All right. I'm going to try to introduce a new phrase to politics. I'm going to call them political gooners. Have you ever heard that phrase? A gooner. It comes from another context. All right. I want to see if anybody knows what it is before I explain it. Those of you who know what it is, you're revealing too much about yourselves. All right. Let me tell you. In the naughty world of adult entertainment, when usually a man is so interested in his own self-pleasure that he takes on sort of a zombie appearance, I would give you an impression but it would be the biggest meme that you ever saw, so I can't give you an impression. But imagine a zombie face where one of the hands is busy and you know what a gooner is like. Oh, you know, that sort of thing.

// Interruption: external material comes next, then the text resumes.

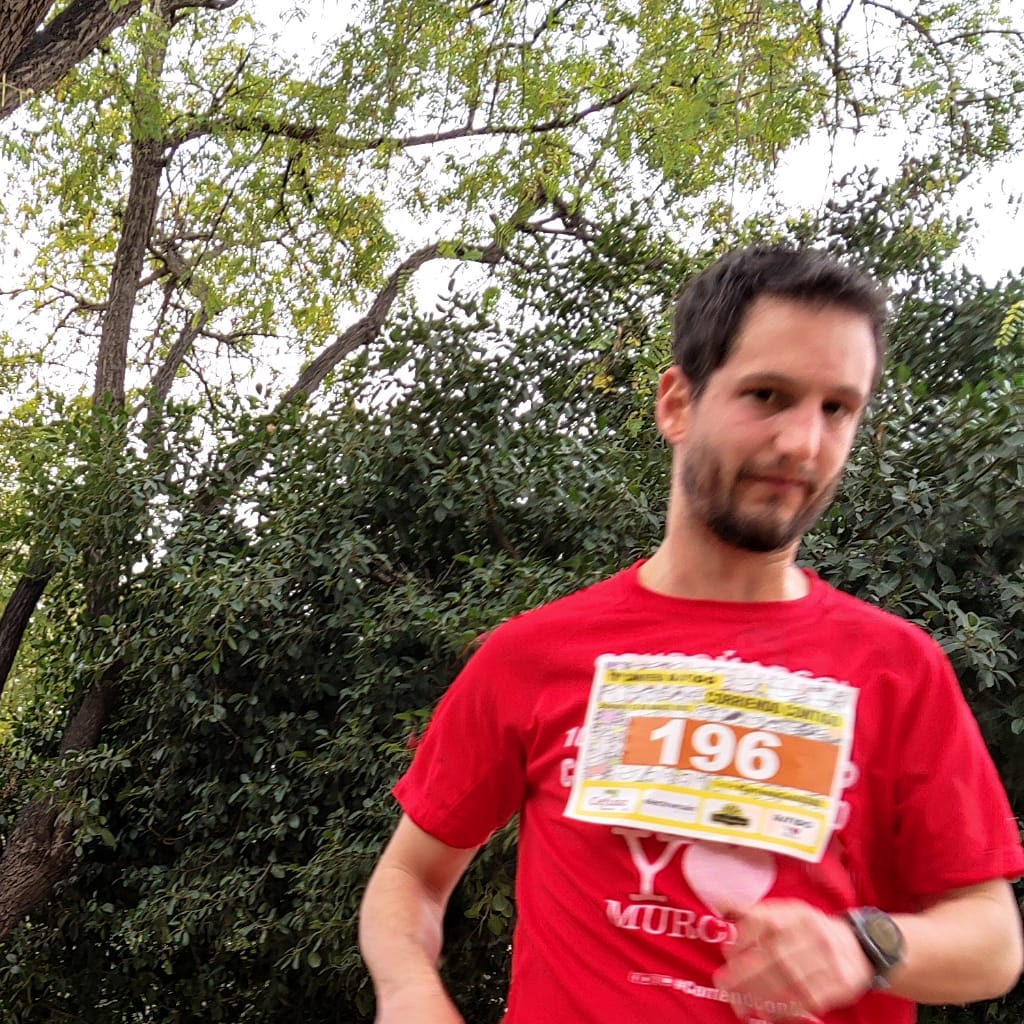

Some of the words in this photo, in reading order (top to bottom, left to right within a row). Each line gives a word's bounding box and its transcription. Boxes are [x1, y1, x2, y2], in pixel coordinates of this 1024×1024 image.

[649, 719, 782, 780] 196
[611, 826, 696, 902] Y
[604, 899, 738, 945] MURCI

So but I feel like there's a political gooner class. And that's the people who believe hoaxes. They're obviously not true before you research them. Now I agree with Sam Harris. Nobody's good at research even if they think they are. They're not. But sometimes you don't need to research things to know it's true. Am I right? Let me give you an example. If you heard a story on social media that said that Joe Biden was an actual cannibal and we're just finding out and that he eats children every night for dinner, like actual living children, kills them and eats them, would you need to research that? That's a serious question. Would you need to research that? No, no. You don't need to research that. Who would believe that? Only a political gooner. Somebody who is so busy masturbating to their own team that they could no longer think in any coherent way, right?

Now let me give you an example that's almost like that. The gooners actually believe, they believe that the president of the United States wanted premeditatedly and with full intention got in front of the country and said that neo-Nazis are fine people. Did you have to research that? Did you have to go and really look at the transcript? I mean, I did, but not because I needed to know. It's because I was trying to unprogram the gooners. But the gooners can't hear it because, you know, their hand is going furiously and the brain is just turned off. My team, my team. Okay, I'm going to give you the meme. I'm sorry, I have to give you the meme. It goes like this. Oh, my team, my team, my team, my team. Okay, there's your meme. Have fun with it. Have fun with it. I release it to the universe.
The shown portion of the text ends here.